WHAT YOU ARE ASKED TO DO:
Your answer must be an exact copy of the data below, minus any pictures.

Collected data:
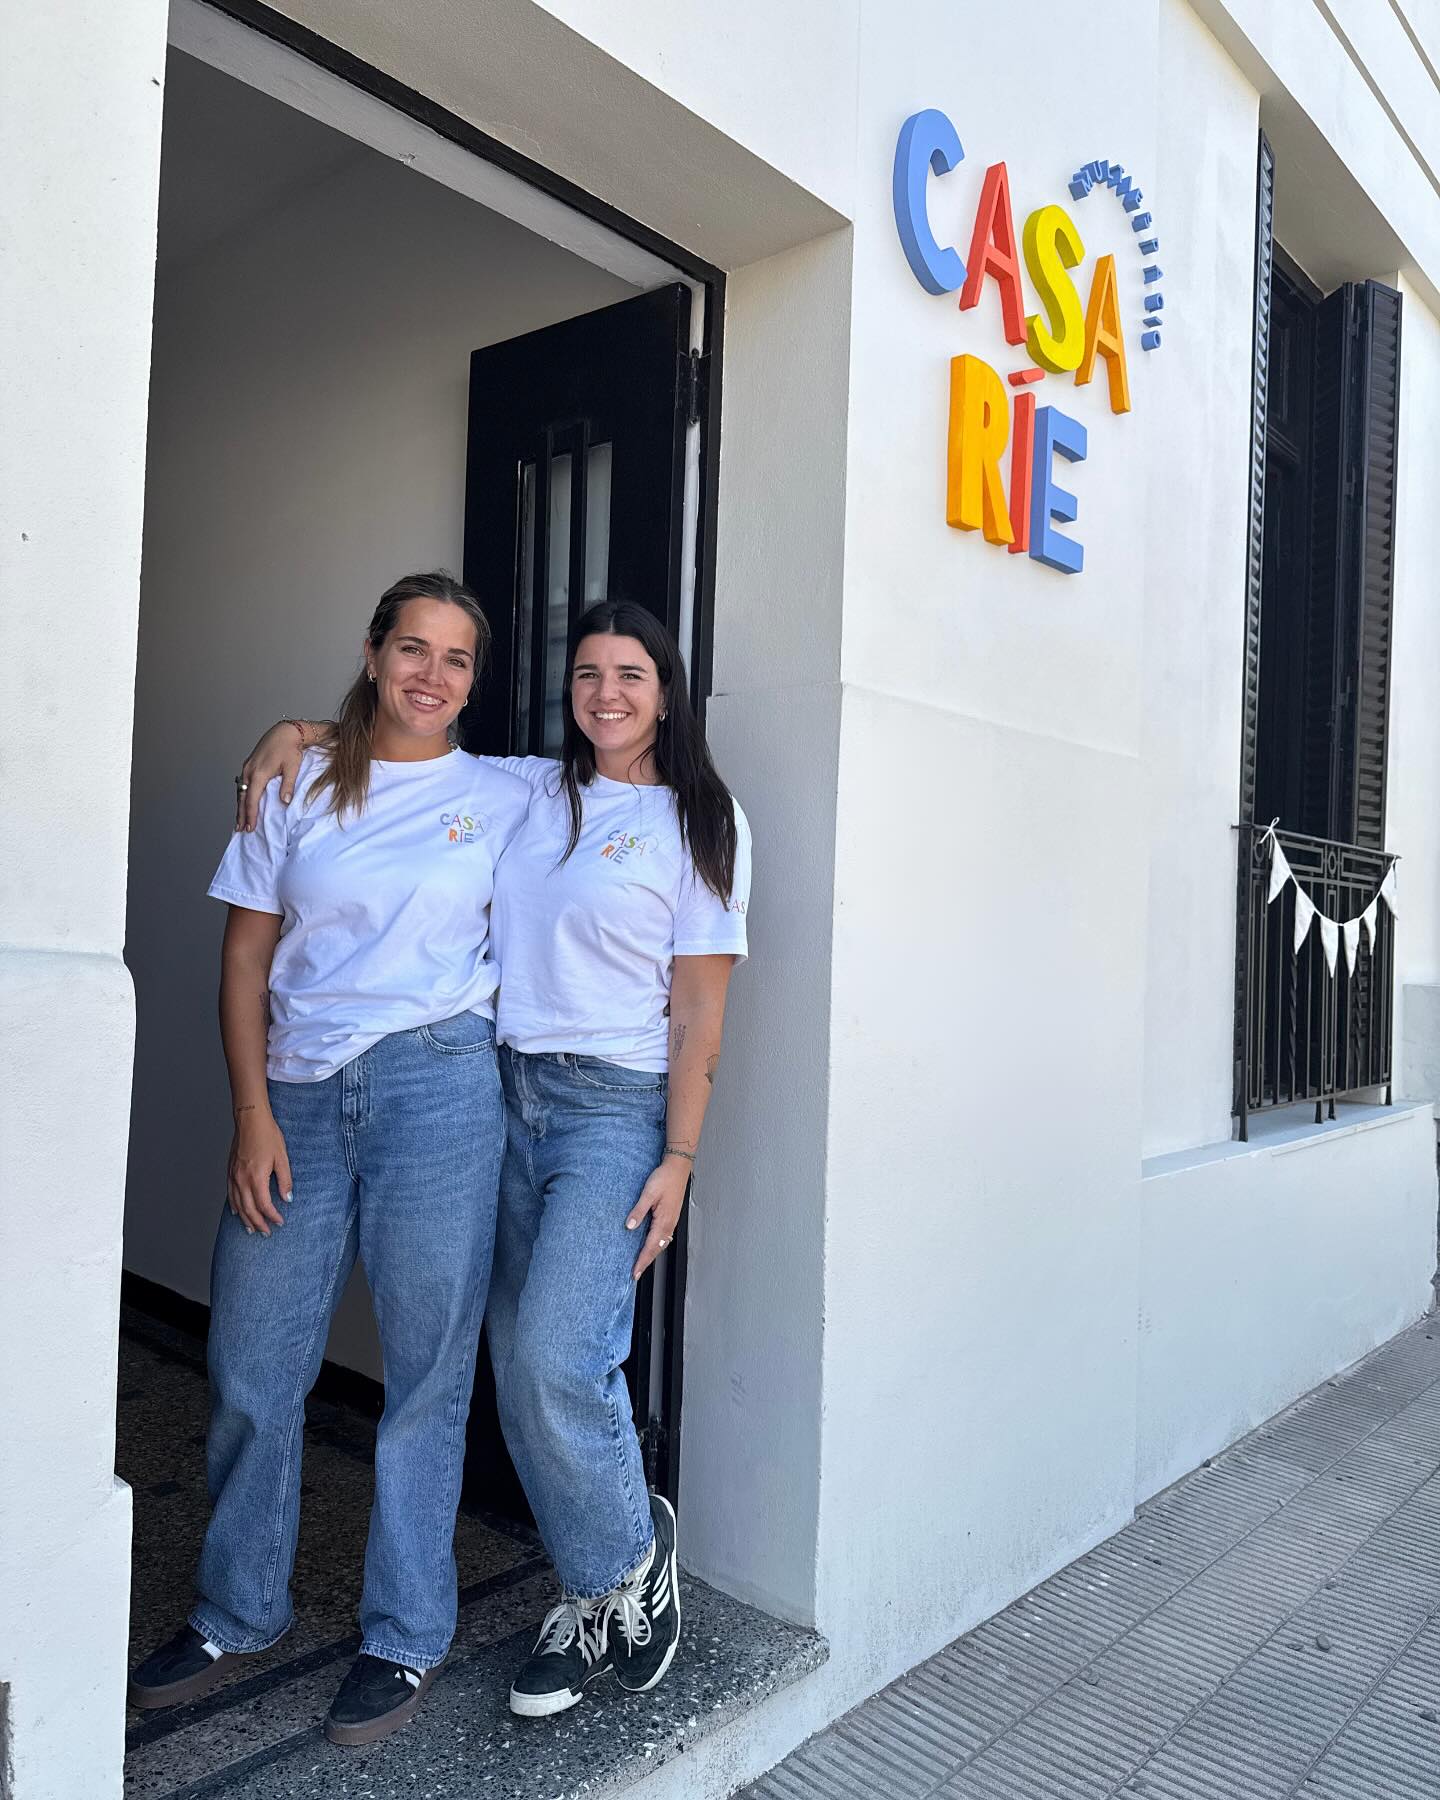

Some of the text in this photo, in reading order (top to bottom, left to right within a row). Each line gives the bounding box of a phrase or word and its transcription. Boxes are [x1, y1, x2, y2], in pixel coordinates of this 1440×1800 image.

[892, 108, 1131, 415] CASA
[946, 353, 1087, 575] RÍE
[440, 813, 485, 832] CASA
[607, 829, 647, 856] CASA
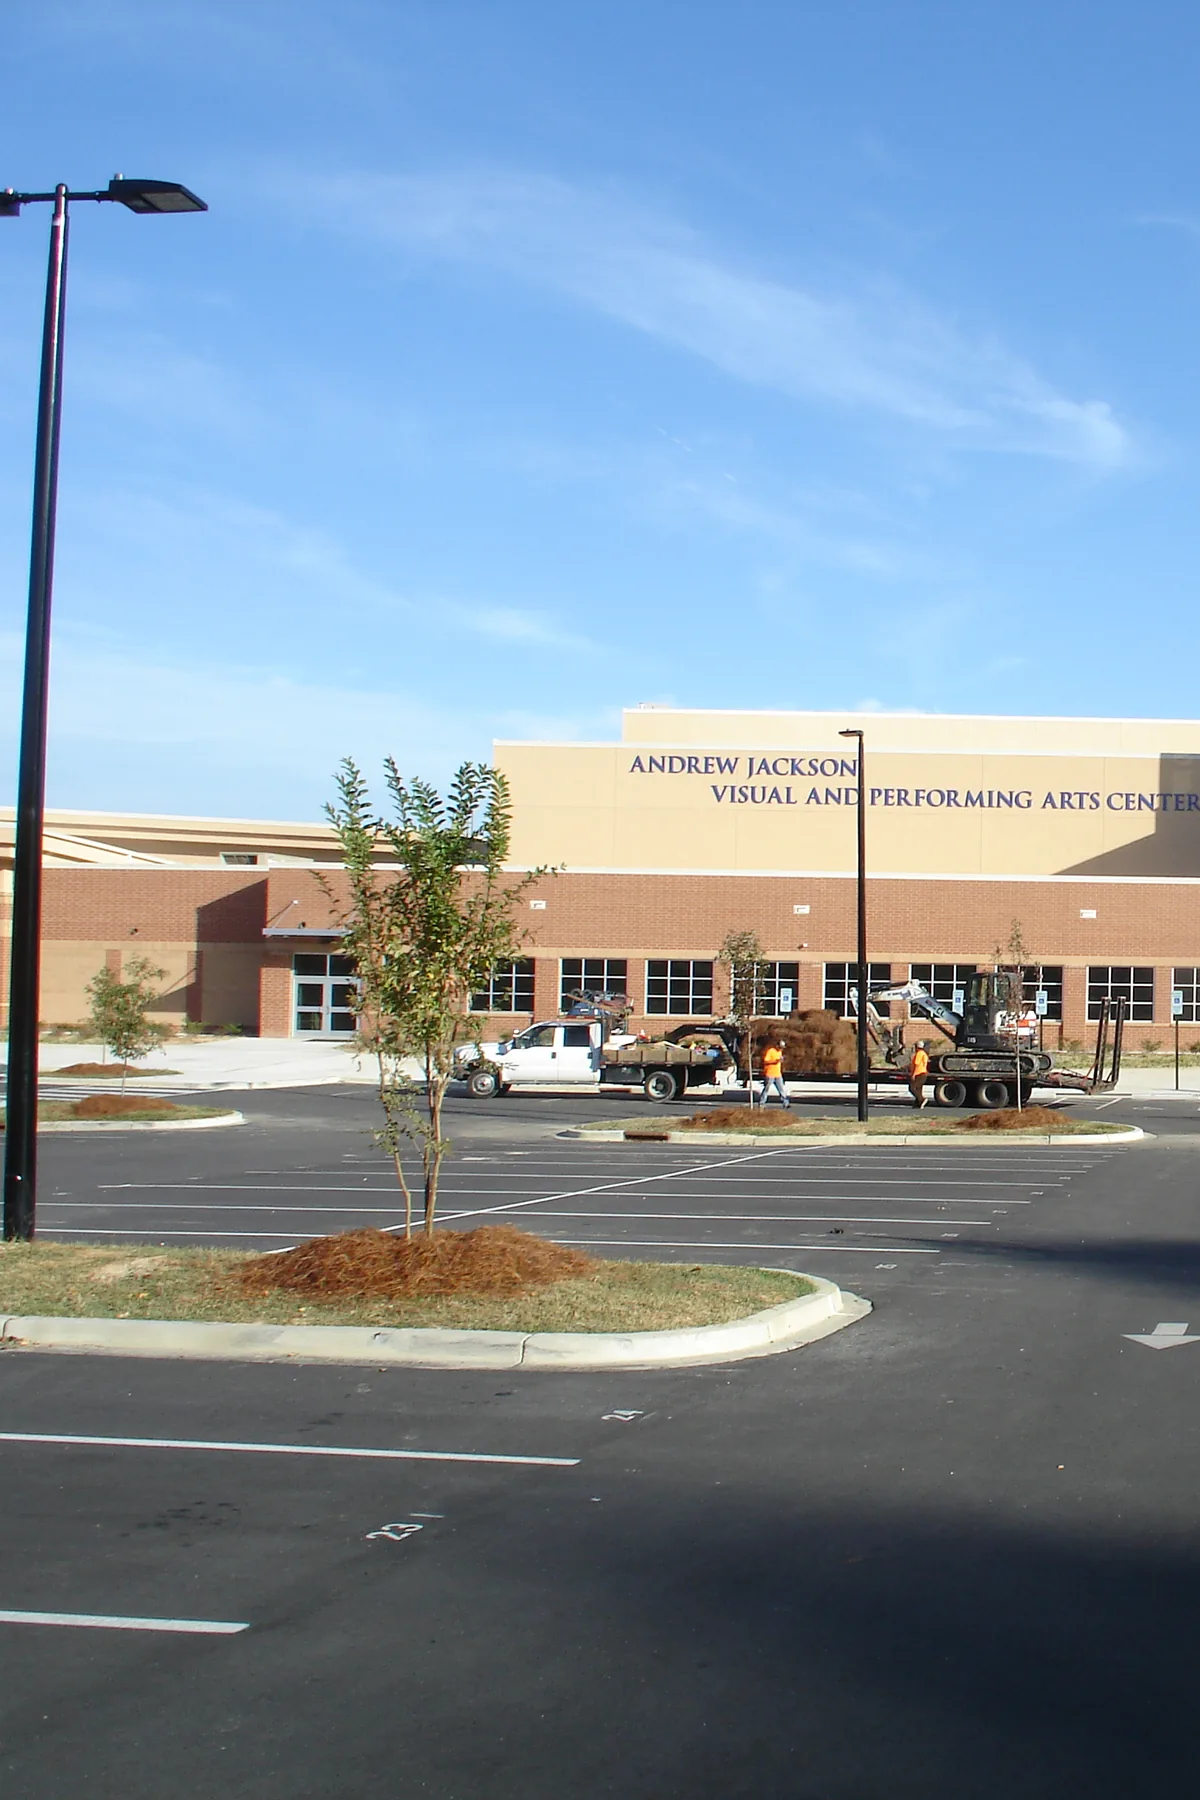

RESULT FOR THIS EXERCISE:
Some of the text in this photo, in reading order (top to bottom, left to right within a row). Each line gives the bounding box of a phrase or word and its transcription. Boxes are [x1, y1, x2, y2], in pixel coordinates of this 1440×1800 image.

[892, 108, 1131, 415] CASA
[946, 353, 1087, 575] RÍE
[440, 813, 485, 832] CASA
[607, 829, 647, 856] CASA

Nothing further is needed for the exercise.